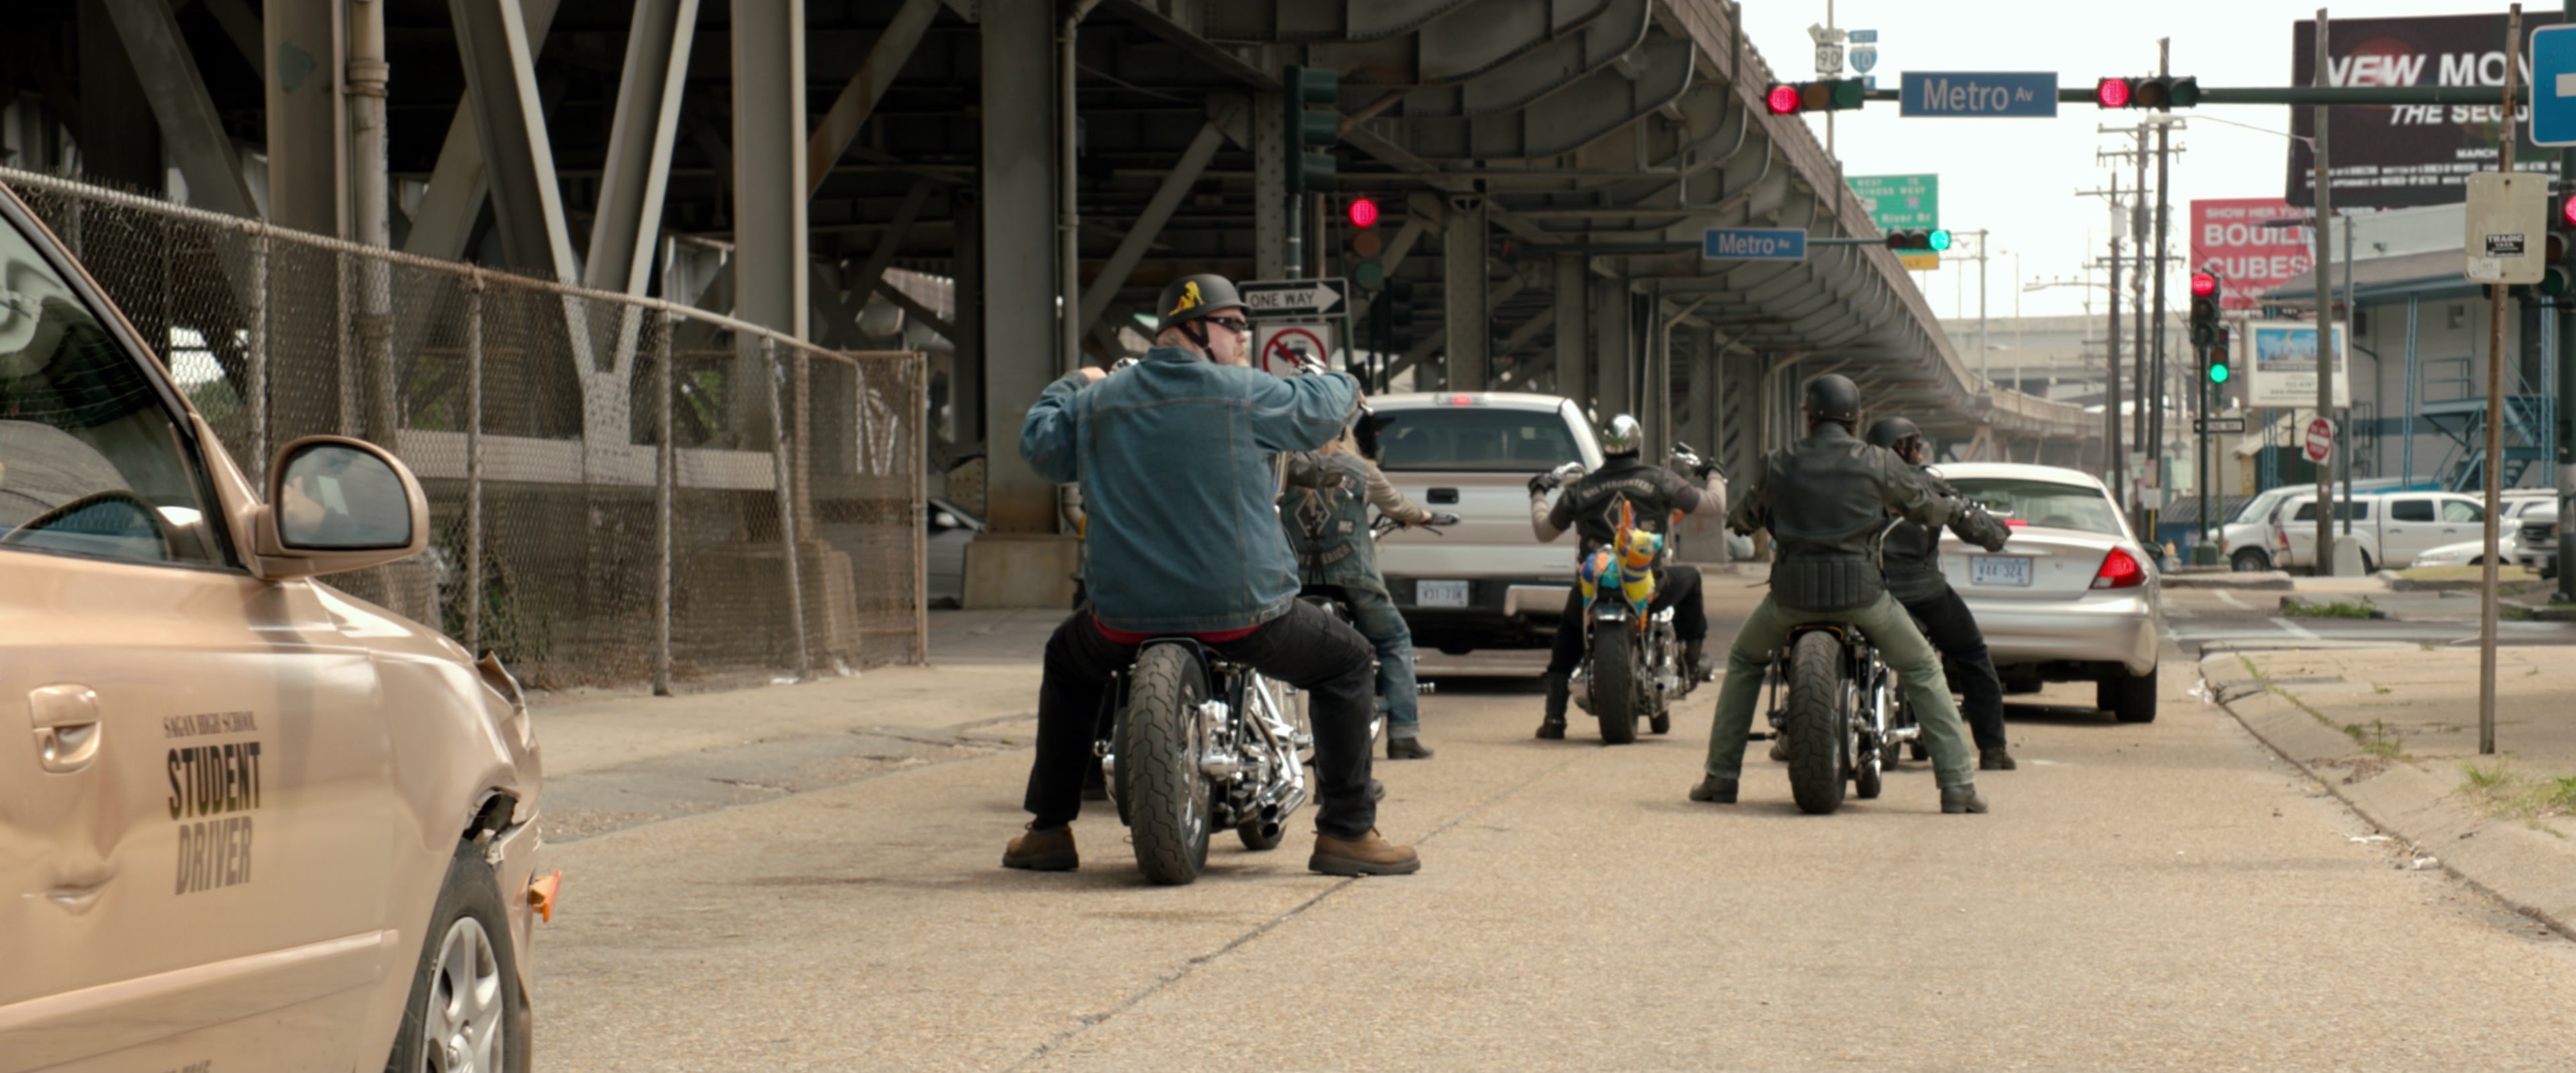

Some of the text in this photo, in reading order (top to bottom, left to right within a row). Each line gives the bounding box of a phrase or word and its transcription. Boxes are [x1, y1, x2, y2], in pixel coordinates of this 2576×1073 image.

[1819, 51, 1839, 67] 90
[1854, 52, 1872, 69] 10
[1923, 78, 2034, 112] Metro Av
[2390, 104, 2444, 125] THE
[1718, 233, 1775, 255] Metro
[1250, 291, 1315, 308] ONE WAY
[197, 713, 222, 736] HIGH
[221, 711, 258, 734] SCHOOL
[168, 741, 260, 821] STUDENT
[175, 815, 253, 896] DRIVER
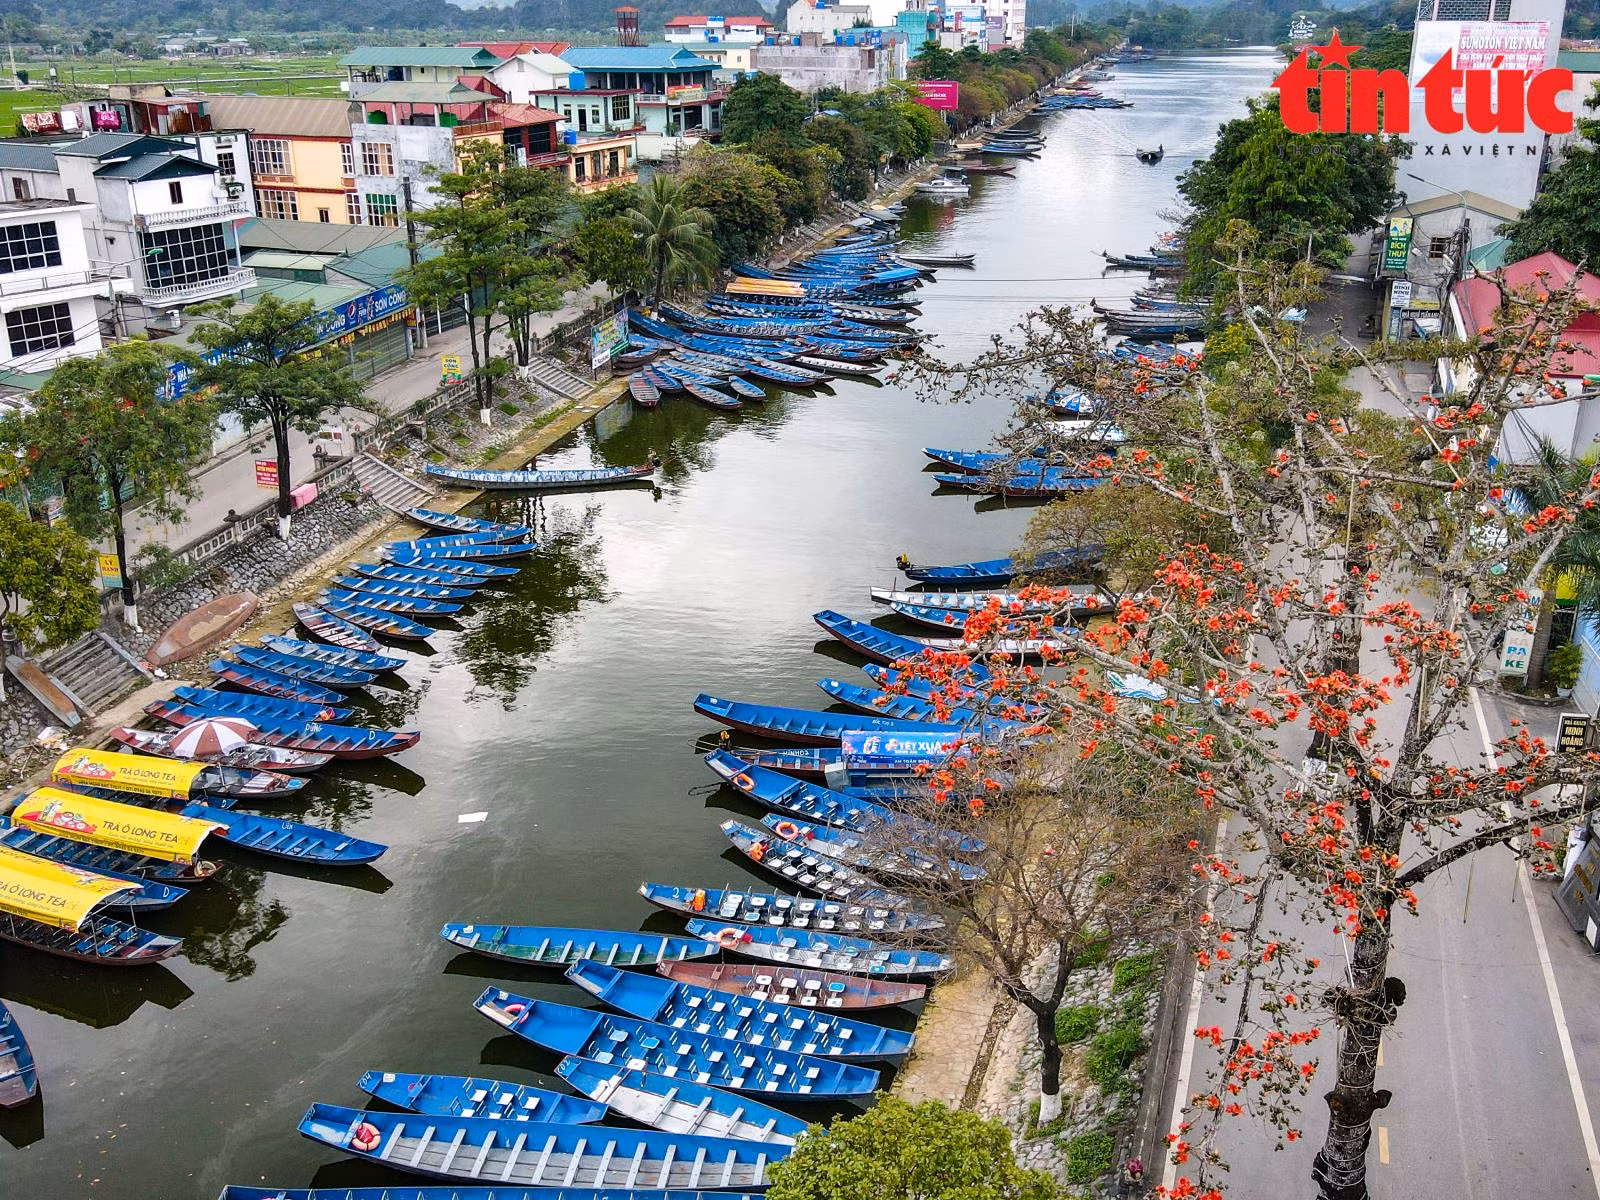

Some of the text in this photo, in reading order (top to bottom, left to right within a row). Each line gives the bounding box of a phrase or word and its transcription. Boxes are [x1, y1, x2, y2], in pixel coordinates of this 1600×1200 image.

[1525, 36, 1546, 49] NAM
[140, 769, 160, 779] LONG
[162, 772, 176, 782] TEA
[132, 827, 157, 839] LONG
[159, 832, 178, 843] TEA
[18, 888, 46, 901] LONG
[46, 895, 67, 907] TEA
[672, 887, 680, 899] 2
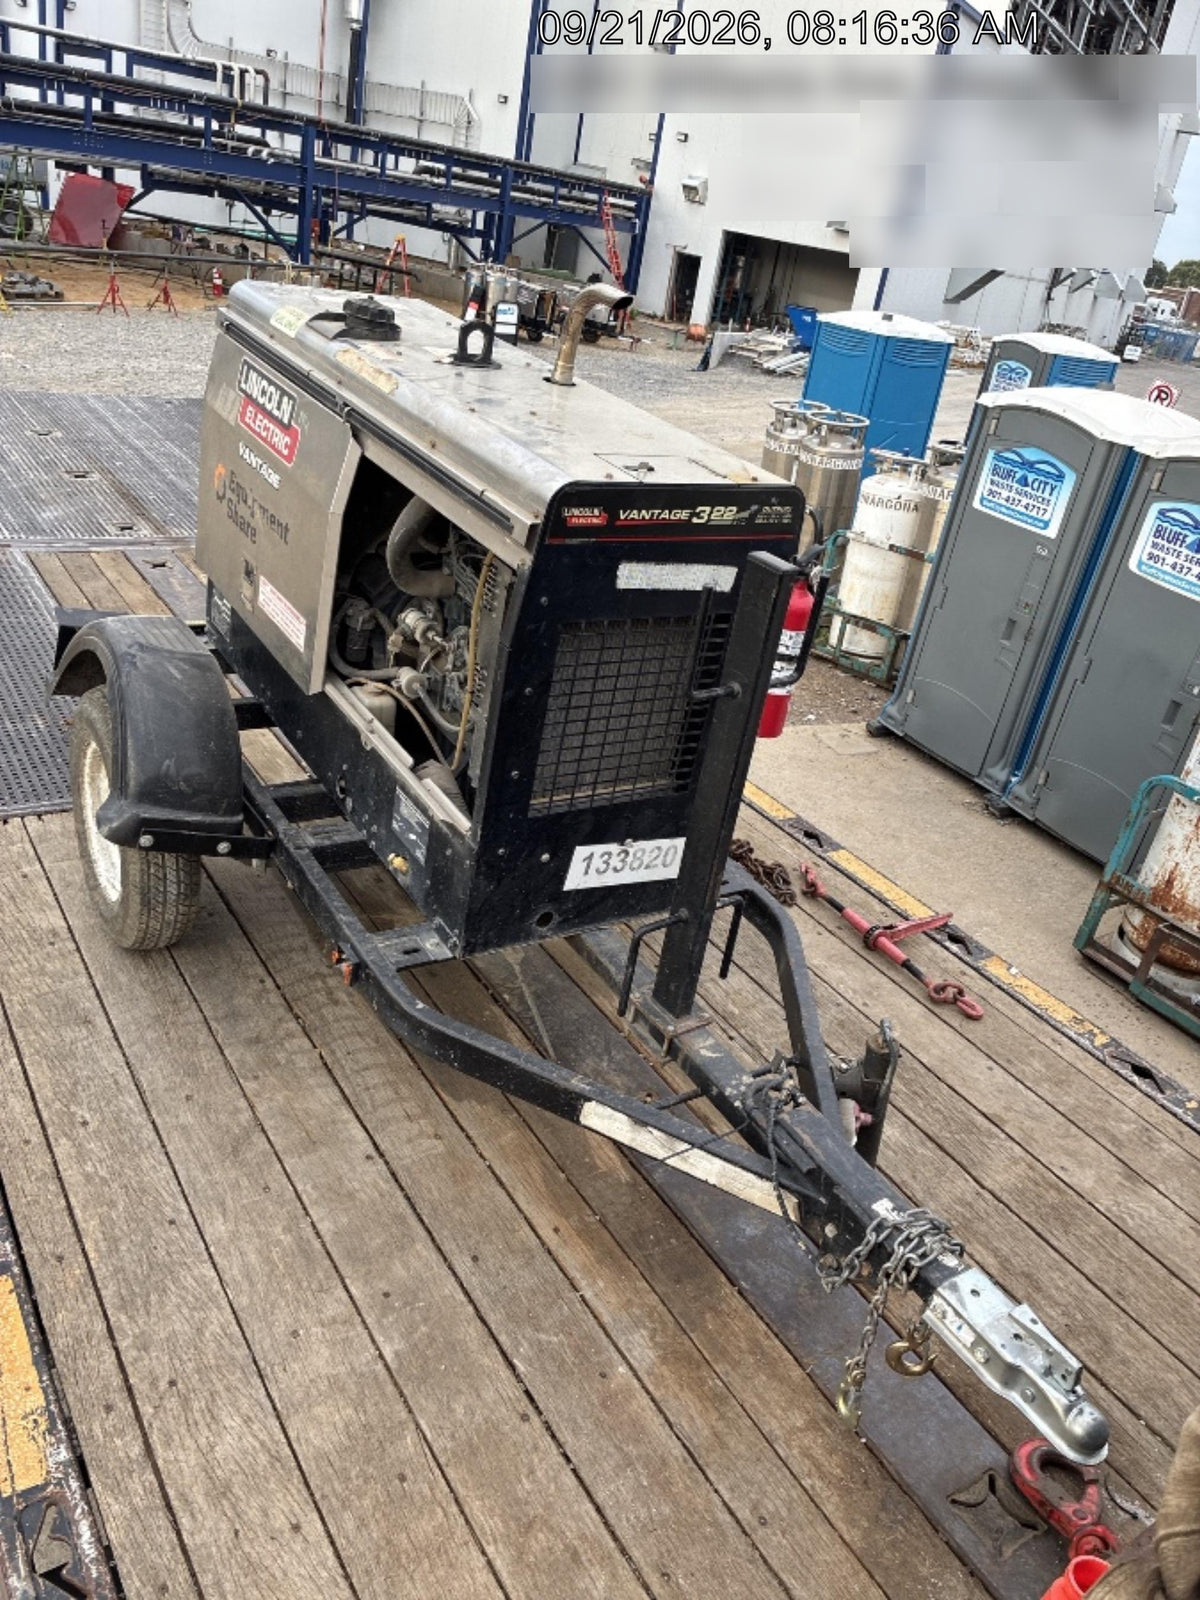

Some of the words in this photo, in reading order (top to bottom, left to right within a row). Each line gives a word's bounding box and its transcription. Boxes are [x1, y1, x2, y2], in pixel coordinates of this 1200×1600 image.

[240, 364, 294, 426] LINCOLN
[244, 404, 292, 457] ELECTRIC
[239, 440, 281, 491] VANTAGE
[991, 462, 1019, 482] BLUFF
[1030, 477, 1059, 497] CITY
[989, 478, 1014, 493] WASTE
[1014, 485, 1052, 508] SERVICES
[226, 497, 257, 545] Share
[619, 508, 693, 521] VANTAGE
[691, 506, 738, 524] 322
[1151, 540, 1183, 559] WASTE
[1153, 524, 1189, 549] BLUFF
[582, 844, 678, 876] 133820
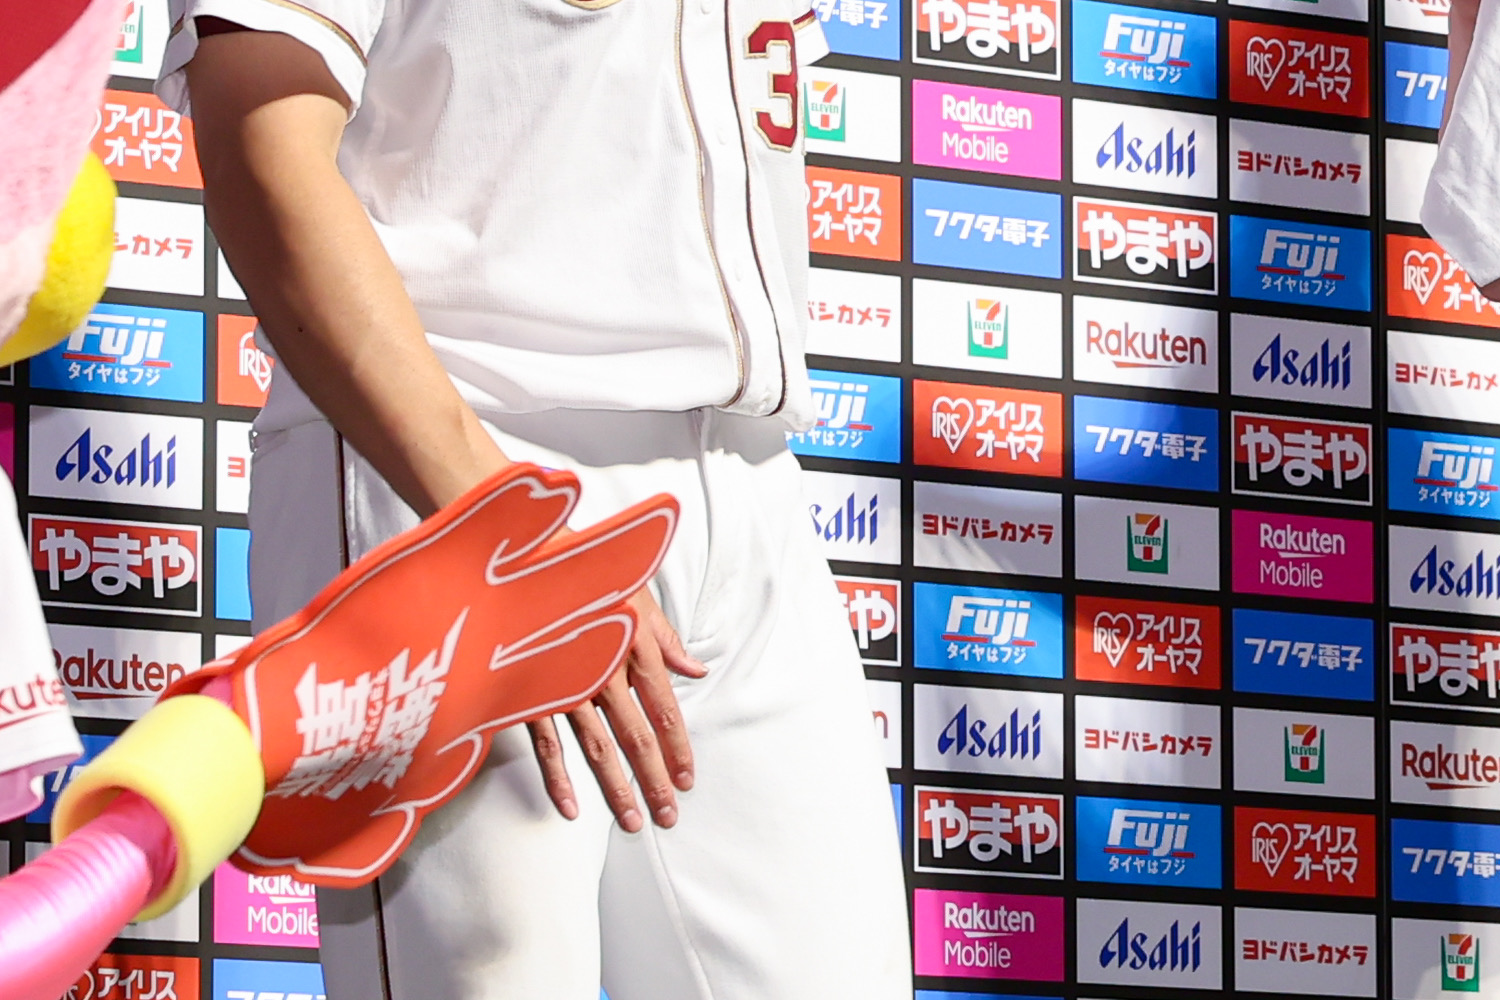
======
### INSTRUCTIONS FOR THE TASK:
For each record above, write it out exactly and omit any picture.

### SOLVED PROBLEM:
Some of the text in this photo, in reading order (top to bottom, left to right within a row). Each line gives the bounding box of a phrase or word and its transcription. Boxes are [x1, y1, x2, y2], in pixel coordinates of this 2576×1073 image.

[1819, 51, 1839, 67] 90
[1854, 52, 1872, 69] 10
[1923, 78, 2034, 112] Metro Av
[2390, 104, 2444, 125] THE
[1718, 233, 1775, 255] Metro
[1250, 291, 1315, 308] ONE WAY
[197, 713, 222, 736] HIGH
[221, 711, 258, 734] SCHOOL
[168, 741, 260, 821] STUDENT
[175, 815, 253, 896] DRIVER

Some of the text in this photo, in reading order (top to bottom, left to right within a row). Each line gives the bounding box of a phrase or word and its transcription. Boxes are [x1, y1, x2, y2], in pixel coordinates of this 1600×1200 image.

[1525, 36, 1546, 49] NAM
[140, 769, 160, 779] LONG
[162, 772, 176, 782] TEA
[132, 827, 157, 839] LONG
[159, 832, 178, 843] TEA
[18, 888, 46, 901] LONG
[46, 895, 67, 907] TEA
[672, 887, 680, 899] 2

Some of the words in this photo, in reading order (top to bottom, left to right within a row). Each line gives a word's bounding box and its transcription. Boxes are [x1, y1, x2, y2], in pixel coordinates of this 1200×1600 image.

[240, 364, 294, 426] LINCOLN
[244, 404, 292, 457] ELECTRIC
[239, 440, 281, 491] VANTAGE
[991, 462, 1019, 482] BLUFF
[1030, 477, 1059, 497] CITY
[989, 478, 1014, 493] WASTE
[1014, 485, 1052, 508] SERVICES
[226, 497, 257, 545] Share
[619, 508, 693, 521] VANTAGE
[691, 506, 738, 524] 322
[1151, 540, 1183, 559] WASTE
[1153, 524, 1189, 549] BLUFF
[582, 844, 678, 876] 133820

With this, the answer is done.